The DPV portfolios reduce the Western utility’s annual retail sales and peak demand. Retail sales grow by 1.0% per year in the case without PV, but the annual growth rate declines to 0.6%, and 0.2% in the 4% and 8% DPV deployment cases, respectively, from 2018 to 2027 as DPV systems are installed. Because the DPV penetration levels are specified in terms of a percent reduction of retail sales, they each reduce the Western utility’s sales on a one-for-one basis. As shown in Figure 3, the reduction in retail sales increases as the DPV deployment level increases.
The impacts of DPV on the Western utility’s annual peak demand depends on the timing and coincidence of DPV relative to the utility’s annual peak demand. Figure 4 shows the forecasted annual peak demand for the Western utility from 2018 to 2027 and the coincident peak demand savings attributable to the DPV deployment cases. The prototypical Western utility modeled in this study has peak loads that occur in July generally between 2 p.m. and 6 p.m. prior to the addition of DPV systems. The coincident peak demand impact of DPV in our study is less than the retail sales impacts on a percentage basis (e.g., 0.8% per year reduction in retail sales and 0.6% per year reduction in peak demand in the 8% DPV deployment case) because the timing of maximum PV output does not coincide perfectly with the utility’s annual peak demand.
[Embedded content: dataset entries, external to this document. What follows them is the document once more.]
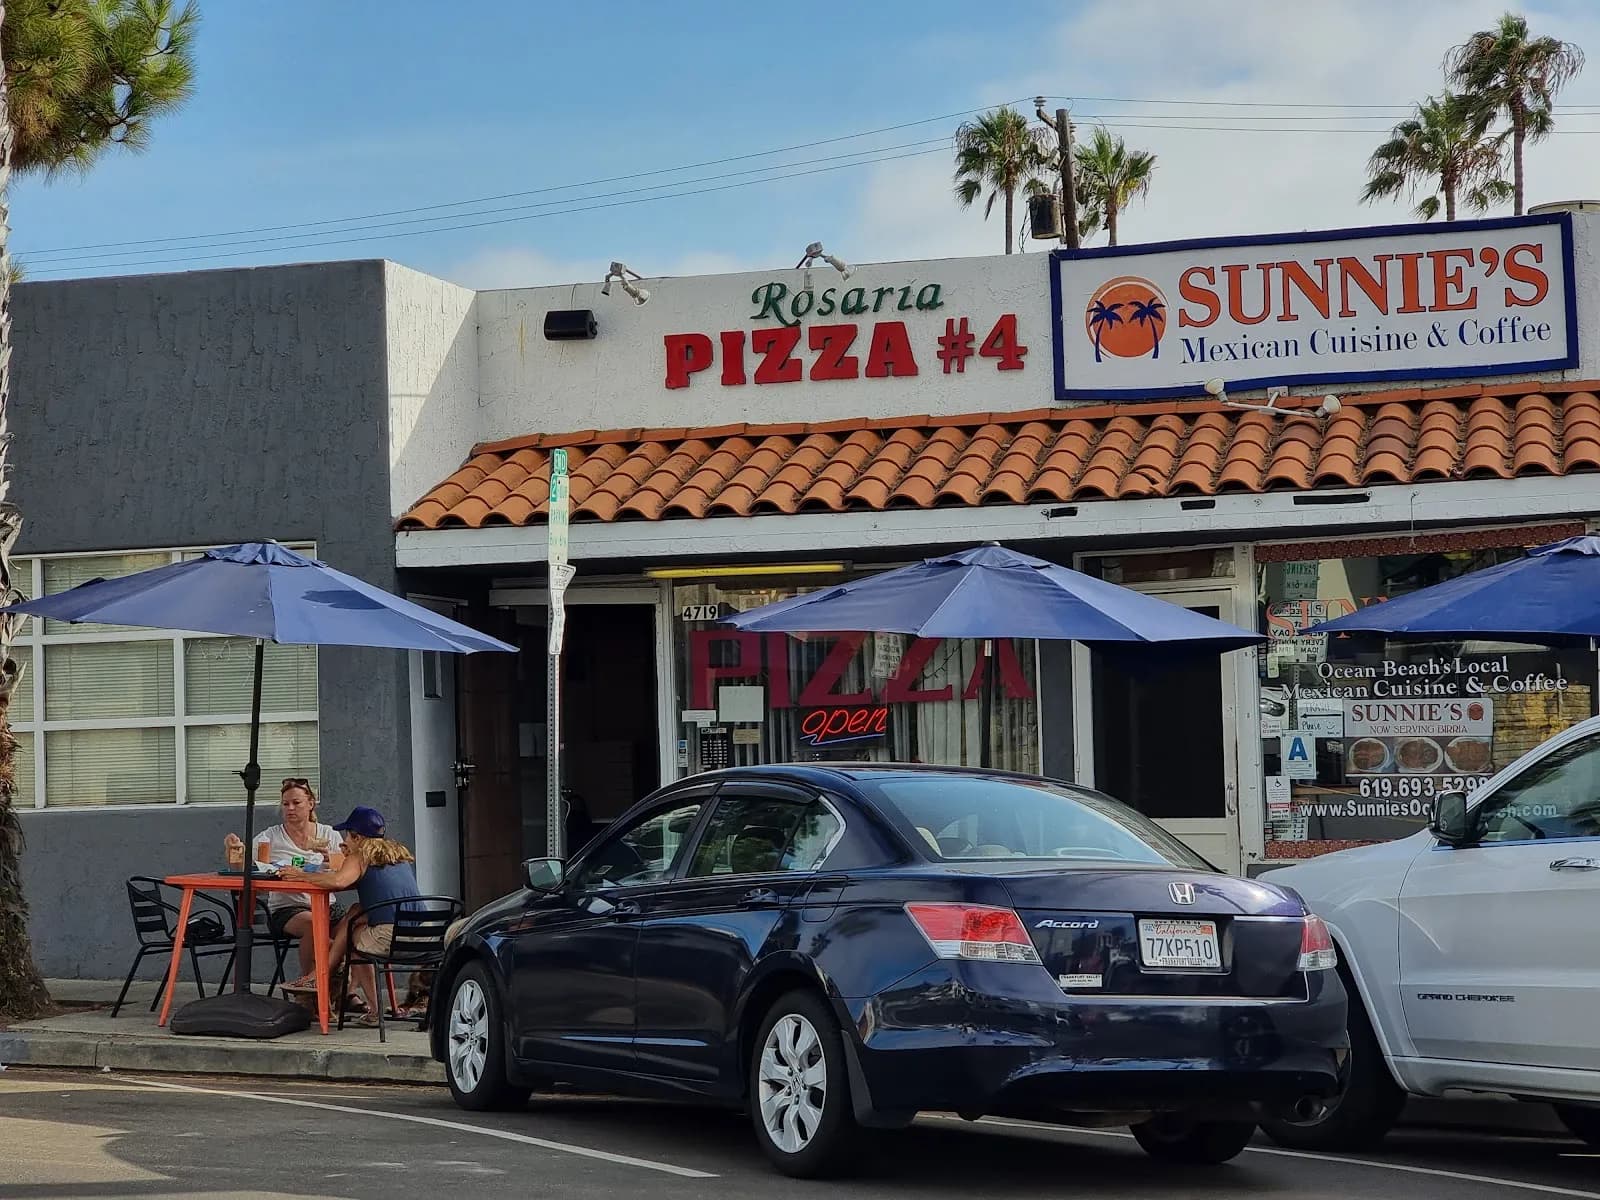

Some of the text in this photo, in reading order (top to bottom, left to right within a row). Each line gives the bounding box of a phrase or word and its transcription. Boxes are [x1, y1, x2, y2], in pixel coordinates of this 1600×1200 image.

[1178, 243, 1549, 328] SUNNIE'S
[750, 280, 944, 327] Rosaria
[664, 314, 1028, 389] PIZZA #4
[1178, 317, 1551, 364] Mexican Cuisine & Coffee
[683, 606, 717, 620] 4719
[691, 631, 1035, 708] PIZZA
[1318, 656, 1508, 681] Ocean Beach's Local
[1280, 673, 1569, 700] Mexican Cuisine & Coffee
[802, 708, 887, 742] open
[1351, 703, 1463, 722] SUNNIE'S
[1369, 724, 1468, 734] NOW SERVING BIRRIA
[1288, 737, 1308, 761] A
[1035, 919, 1099, 929] Accord
[1156, 924, 1198, 936] California
[1417, 993, 1515, 1002] GRAND CHEROKEE
This is particularly the case for Public Service of Colorado that serves load near the Rocky Mountains, which results in lower DPV production in afternoon hours relative to other geographic locations due to the effect of mountain shadows [50]. We consider lower and higher contribution of DPV savings to peak in the DPV value sensitivities.

3. Results

3.1. Sensitivity of DPV Value to Alternative Utility Assumptions

Figure 5 shows the change in DPV value with Base and alternate assumptions of the proportion of T & D CapEx that is growth-related (i.e., Sensitivity Case 1.A. and 1.B.). A lower proportion of growth-related T & D CapEx results in a lower DPV value, and vice-versa, where the change in value occurs exclusively among non-fuel cost categories. In the 4% DPV deployment case, the DPV value ranges from $51/MWh to $57/MWh and, in the 8% DPV deployment case, the DPV value ranges from $50/MWh to $55/MWh. The modeled DPV value results are not particularly sensitive to this assumption, ranging from −4% to 6% relative to the Base Case assumption.
Figure 6 shows the change in DPV value assuming incremental distribution and generation CapEx and distribution O & M costs to the Base Case (i.e., Sensitivity Case 2.A. and 2.B.). The incremental distribution CapEx and O & M costs (i.e., Sensitivity Case 2.A.) do not result in additional value, as the costs are added incrementally with the installed DPV and counteract many of the avoided costs. Thus, the DPV value declines significantly in both the 4% DPV and 8% DPV deployment cases. In fact, DPV value at 8% deployment and assuming incremental distribution CapEx and O & M is roughly half of the Base Case DPV value ($27/MWh compared to $52/MWh). The incremental utility generation assumption (i.e., Sensitivity Case 2.B.) reduces the avoided purchased capacity value, as would be expected due to the incremental generation installed in lieu of the capacity purchases. Also, as to be expected, the proportion of CapEx deferral value increases as the DPV defers or avoids some of the incremental generation. In total, however, the DPV value in the incremental utility generation case is about 10% lower than the Base Case assumption because the cost of utility-owned generation is lower relative to meeting the same capacity needs through PPAs and short-term market purchases. Thus, the incremental utility generation sensitivity case produces a lower total DPV value.
Figure 7 shows the change in DPV value with lower or higher assumed DPV capacity contribution to peak relative to the Base Case assumptions (i.e., Sensitivity Cases 3.A. and 3.B.). As expected, a lower capacity contribution to peak (i.e., Sensitivity Cases 3.A.) results in lower DPV value, and vice-versa, with the largest change in avoided capacity purchases. In the 4% DPV deployment case, the DPV value ranges from $42/MWh to $59/MWh and, in the 8% DPV deployment case, the DPV value ranges from $40/MWh to $54/MWh. The modeled DPV value results are quite sensitive to this assumption, ranging from −27% to 11% relative to the Base Case assumption. The results for all sensitivity cases show that DPV value is sensitive to alternate assumptions, but the degree depends on the specific assumption. For example, the assumed proportion of growth-related CapEx (i.e., Sensitivity Case 1.A. and 1.B.) has a small range whereas the DPV capacity contribution to peak (i.e., Sensitivity Case 3.A. and 3.B.) exhibits a much larger range of results.
Importantly, we did not combine changes in more than one key assumption, which would likely drive greater change in DPV value than is observed in isolated cases (e.g., combine higher DPV capacity contribution to peak with higher CapEx deferral which would likely leader to greater DPV value).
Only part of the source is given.